This invention relates to a wellbore actuator, a wellbore treatment string and a method for wellbore operations.
In this invention, an actuator includes a mechanism through which the actuator is actuated including a substantially fixed inner diameter (ID) restriction and a sensor mechanism to sense force applied to the ID restriction through which the actuator tool is actuated, and a deformable sealing device that can pass through the ID restriction and create a reliable force against the ID restriction which is communicated to the sensor mechanism. The sealing device is selected to have an outer diameter greater than the inner diameter through the ID restriction (i.e. the sealing device is selected to have an interference fit with the ID restriction), but can be forced by fluid pressure to pass through the restriction and in so doing creates a reliable force on the tool.
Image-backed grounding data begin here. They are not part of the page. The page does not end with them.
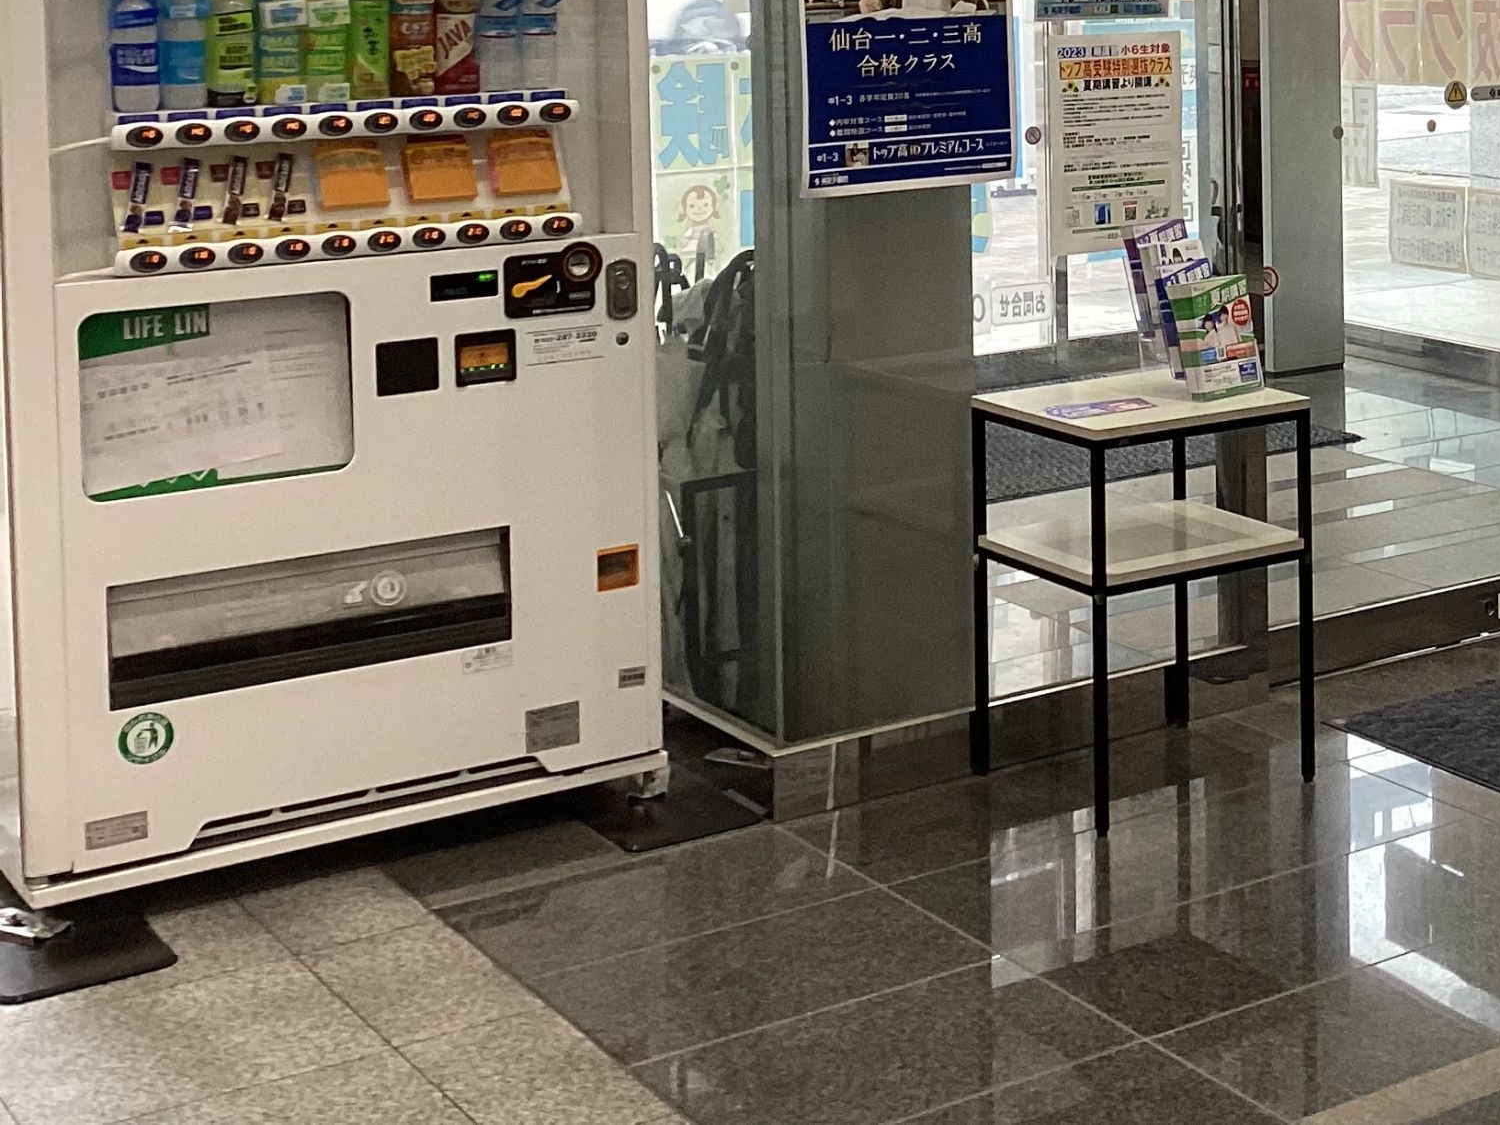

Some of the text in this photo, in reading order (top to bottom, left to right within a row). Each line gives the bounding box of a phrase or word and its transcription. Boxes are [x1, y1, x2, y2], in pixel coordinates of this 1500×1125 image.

[438, 18, 472, 60] JAVA
[828, 21, 983, 52] 仙台一・二・三高
[856, 52, 956, 78] 合格クラス
[1057, 46, 1086, 58] 2023
[122, 314, 165, 341] LIFE
In particular, the passage of the ball through the restriction creates a force that is reliable, for example, of a known minimum value, such that the mechanism can be set to be actuated by that force.
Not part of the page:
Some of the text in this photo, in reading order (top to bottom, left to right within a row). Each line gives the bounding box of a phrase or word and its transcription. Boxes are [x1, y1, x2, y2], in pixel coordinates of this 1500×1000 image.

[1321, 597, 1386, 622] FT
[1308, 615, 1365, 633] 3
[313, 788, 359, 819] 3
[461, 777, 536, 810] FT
The actuator may be useful for controlling the closed/open condition of ports in a wellbore tool or control the operation of another tool such as the setting of a packer, etc.
The ID restriction may be any structure in the tool's bore that is narrower than the tool's normal inner diameter (drift diameter) and that can receive the force applied by passage of the sealing device. For example, the ID restriction may be at least a portion of a sliding sleeve, which is sometimes alternately called a mandrel, an insert or a sub. In one embodiment, for example, the ID restriction is formed as a structure (i.e. a narrowing, a neck, a shoulder, a protrusion) that creates a restriction in the inner diameter of a sliding sleeve valve. The sliding sleeve valve is generally axially moveable in response to the application of force and covers ports or controls hydraulic access to a tubing string tool. The ID restriction may be along the full length of the sleeve or may be positioned along only a portion of the sleeve. Hereinafter, the term "ID restriction" sometimes refers to the sleeve in its entirety and sometimes refers to just the smaller diameter restriction in the sleeve.
The sensor may include a strain gauge or a releasable lock or a biasing member. For example, the sensor may be a releasable lock such as a snap ring, shear pins, collet catch, detents, etc., that are selected to be overcome by a particular force applied thereto. Alternately or in addition, the sensor may be a biasing member, for example a biasing member of an indexing mechanism.
The sealing device may be a fluid conveyable plug, such as a ball, dart, etc. It can be free from connection to surface to facilitate operations.
The force can move the actuator through a mechanical shift. The shift can be a single cycle shift, directly into a final position or the shift can be indexed for example to take the tool through one or more inactive (also called passive) positions before it moves into an active condition. With reference to Figures 1A to 1 D, a wellbore actuator 10 is shown in a position in a well defined by wall 12. When in the well, a space, defined as the annulus 13, is formed between the actuator and the wall.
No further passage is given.